Imposing tougher penalties for people who start wildfires is appropriate but will not necessarily be effective. The deterrent effect of a penalty comes not from its severity, but from the likelihood of getting caught. Any increase in penalties is doomed without a proportional increase in enforcement.
The B.C. government is looking into increasing the severity of punishments for those found responsible for wildfires, including impounding the vehicles of people who flick cigarette butts out their car windows.
“There are some who suggest that you can’t legislate against stupidity,” said Forests Minister Steve Thomson. “But if exploring the idea of increasing fines or acting on ideas that mean more people will get the message, I think we should be prepared to have a look at it.”
The careless tossing of a burning cigarette butt is a seemingly small act, done without much forethought, but it can have huge consequences.
Take, for example, the McClure-Barriere wildfire in B.C.’s North Thompson Valley in 2003. A man working in his yard — a member of the local volunteer fire department — unthinkingly tossed a cigarette butt into tinder-dry pine needles. The resulting fire burned for 75 days, destroying 26,000 hectares of forest, 72 homes and nine businesses, with property damage surpassing $8 million. The cost of fighting the fire was $31 million, and 3,800 people had to leave their homes in three communities.
It’s not hard to imagine a fire in the Greater Victoria region causing even more damage, considering the concentration of people and structures in the area. There are many places along the Trans-Canada Highway, the Pat Bay Highway or Sooke Road where a discarded cigarette butt could be fanned into flames with dire consequences.
The man who started the McClure-Barriere fire readily and remorsefully admitted his mistake and was fined $3,000. That’s a pittance compared to the damage caused, but a heavier penalty would not have brought back the trees or buildings lost in the blaze. And there would have been little point in trying to send a stern message to a person already devastated by what he had done.
While there might be something grimly satisfying about coming down hard on miscreants, it’s a hollow sort of satisfaction. It’s far more useful to send a message that would prevent such disasters. The success of that message would depend on the certainty of getting caught.
When B.C. toughened its drunk-driving laws, incidences of impaired driving declined measurably, even to the point where owners of restaurants and drinking spots have complained about losing liquor business. Check stops and other enforcement measures sent the message that chances were good drivers would get caught if they had too much to drink.

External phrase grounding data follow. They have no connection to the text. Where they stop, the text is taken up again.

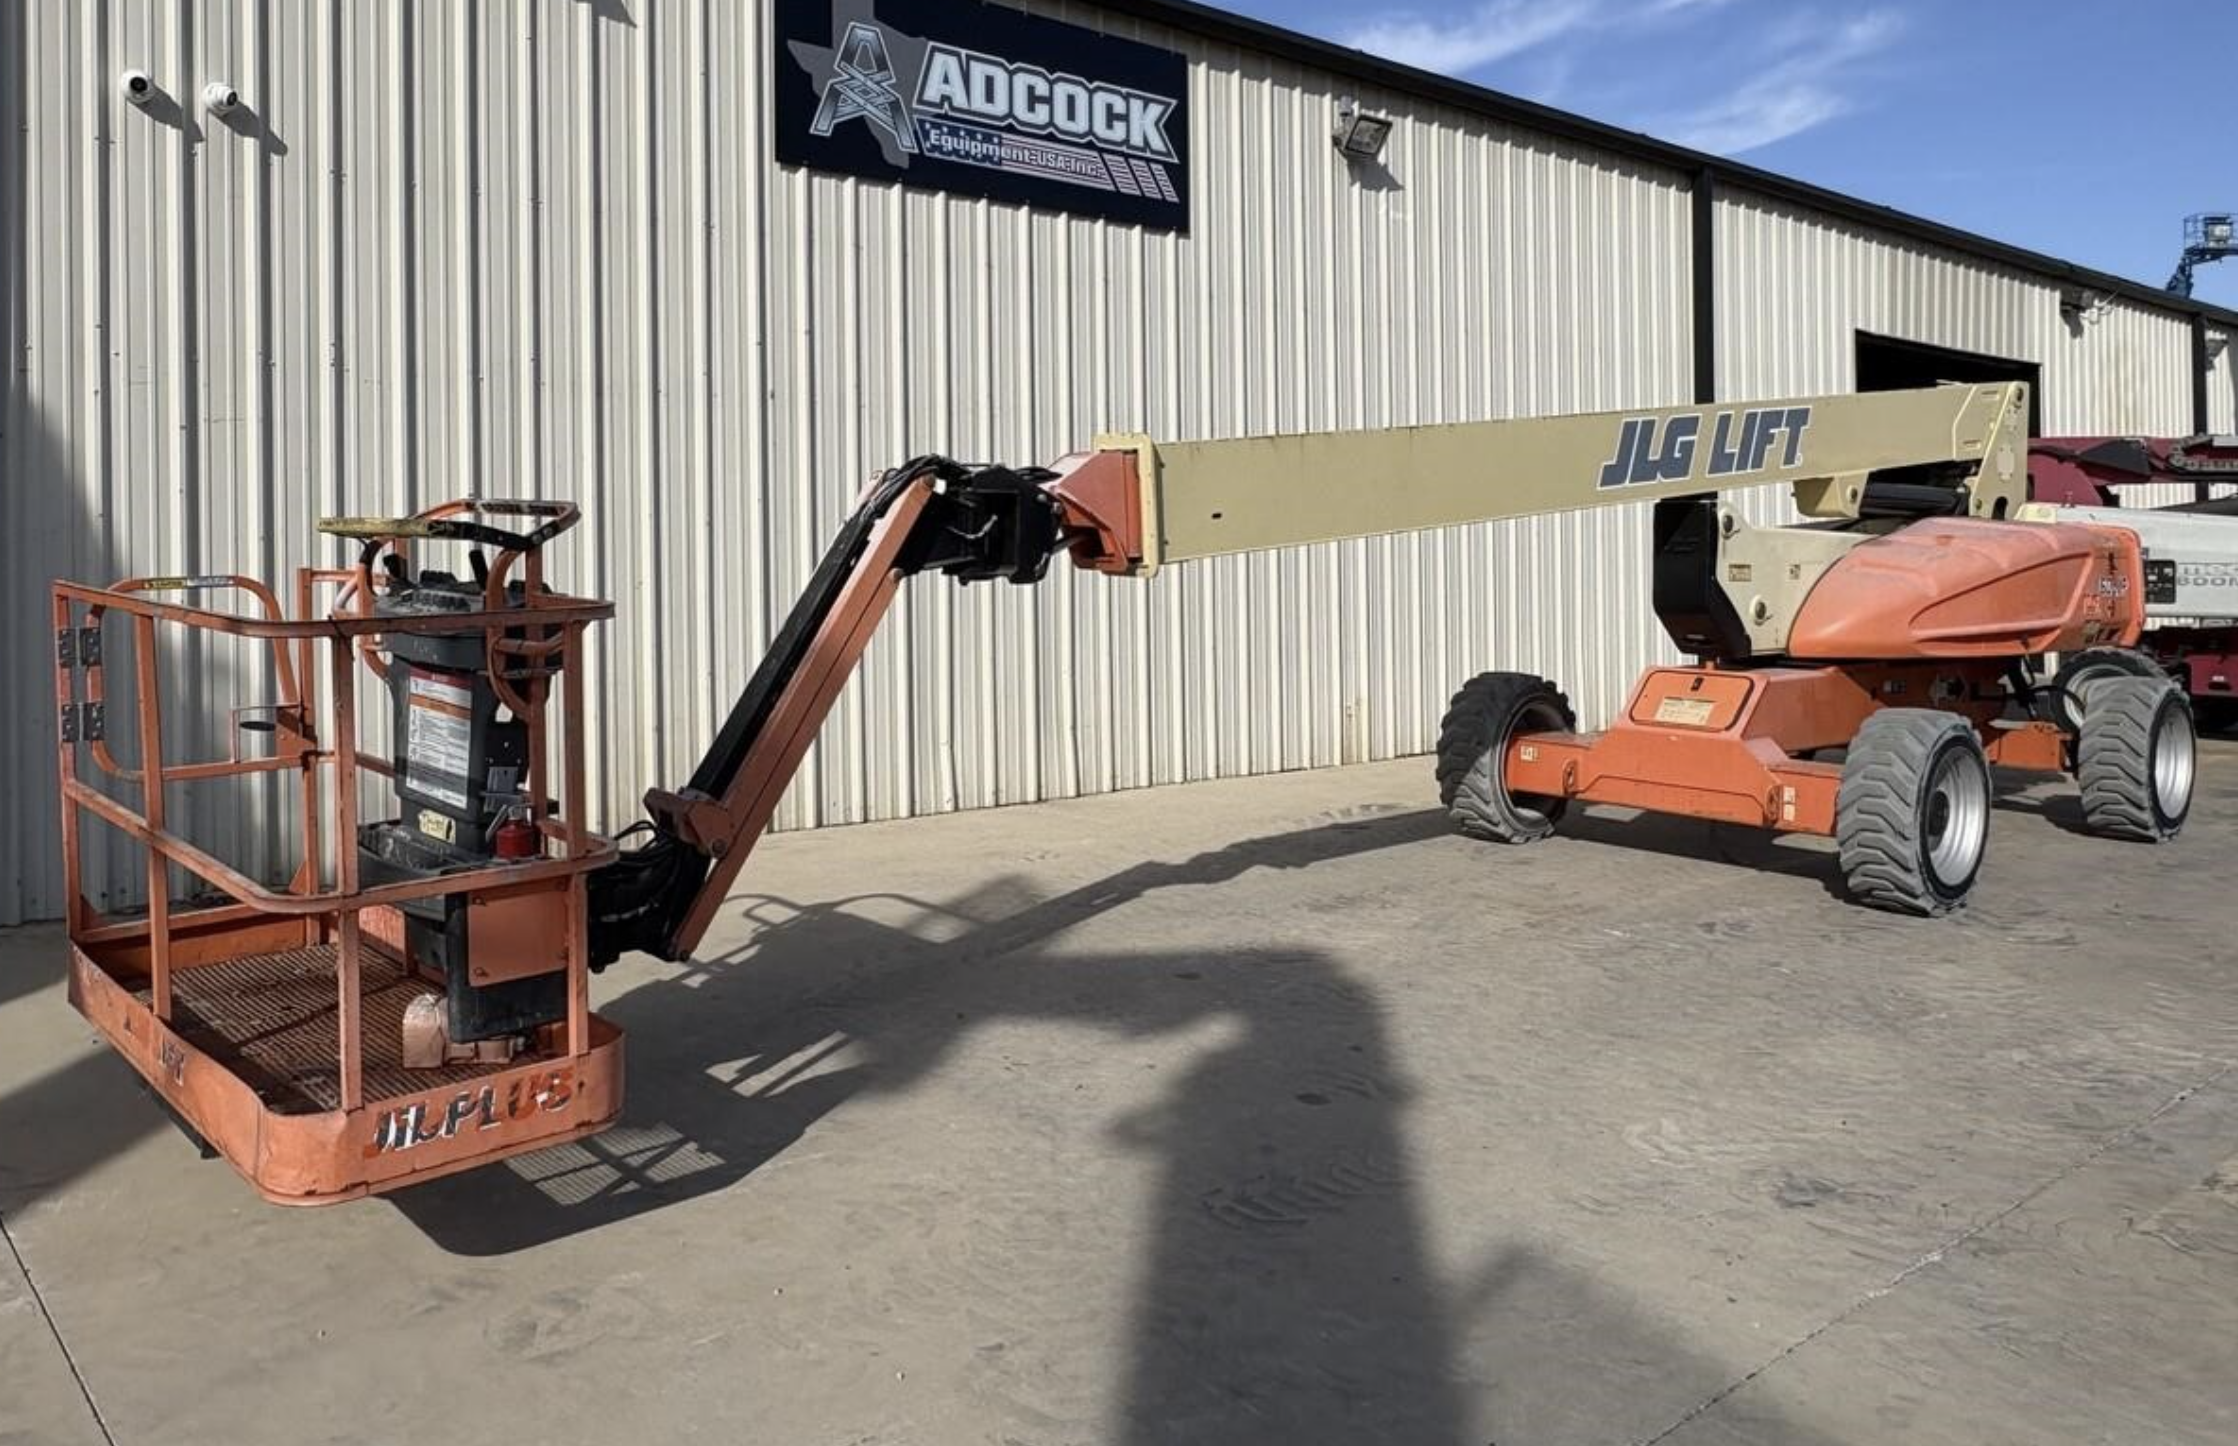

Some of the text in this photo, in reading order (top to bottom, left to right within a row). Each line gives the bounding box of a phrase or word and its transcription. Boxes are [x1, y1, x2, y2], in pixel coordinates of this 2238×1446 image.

[922, 51, 1168, 153] ADCOCK
[928, 128, 1031, 165] Equipment
[1037, 150, 1067, 169] USA
[1597, 406, 1812, 490] JLG LIFT
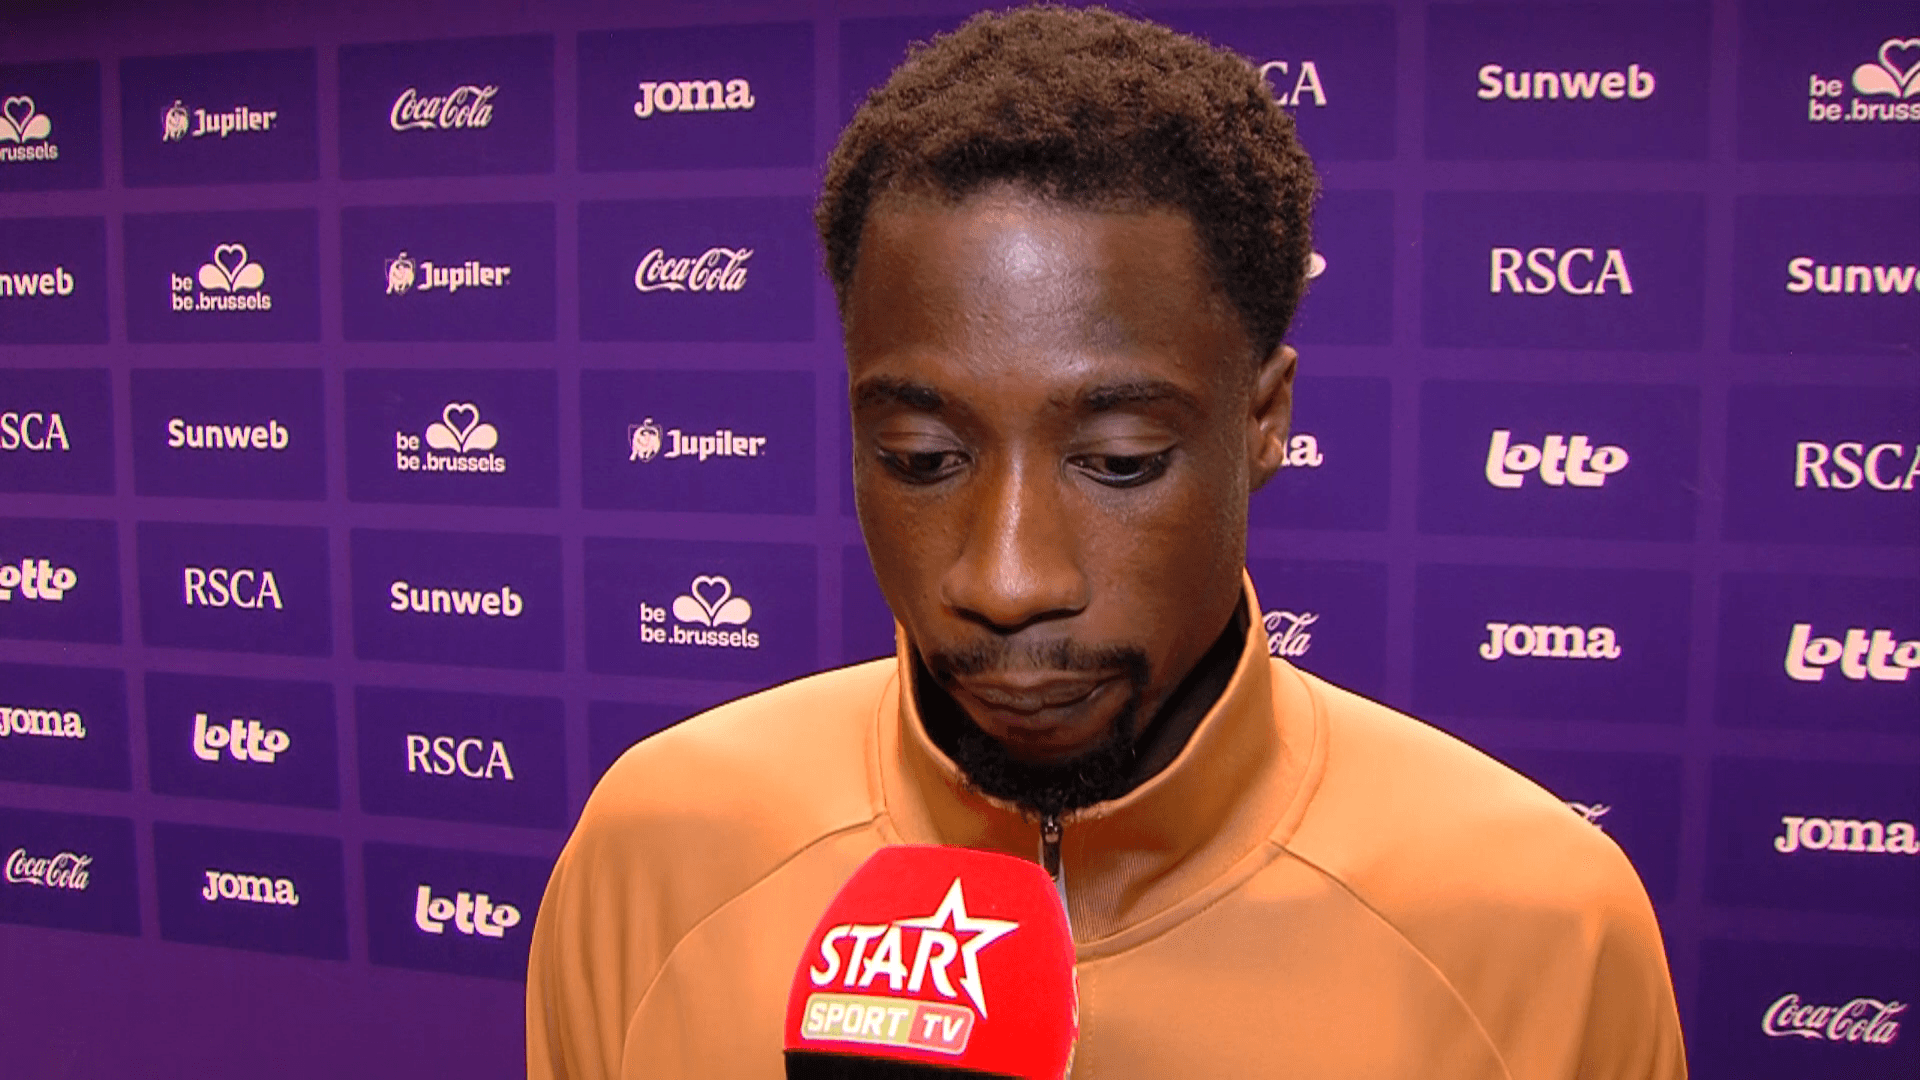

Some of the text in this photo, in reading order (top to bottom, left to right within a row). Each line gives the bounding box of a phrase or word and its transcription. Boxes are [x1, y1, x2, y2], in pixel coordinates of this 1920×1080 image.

No matter how stiff the penalty, a cigarette-tosser knows there is little chance of being caught or convicted. Short of banning smoking while driving, there’s little legislation can do to prevent the unsafe and surreptitious disposal of cigarette butts.
It’s illegal to use a handheld cellphone while driving, and stiffer penalties are being considered for that offence, yet anyone who drives regularly on the region’s roads knows too many people still haven’t got the message.
Make the punishments harsher, by all means, but don’t expect much to change unless the means are provided to increase enforcement and the likelihood of nabbing the offenders.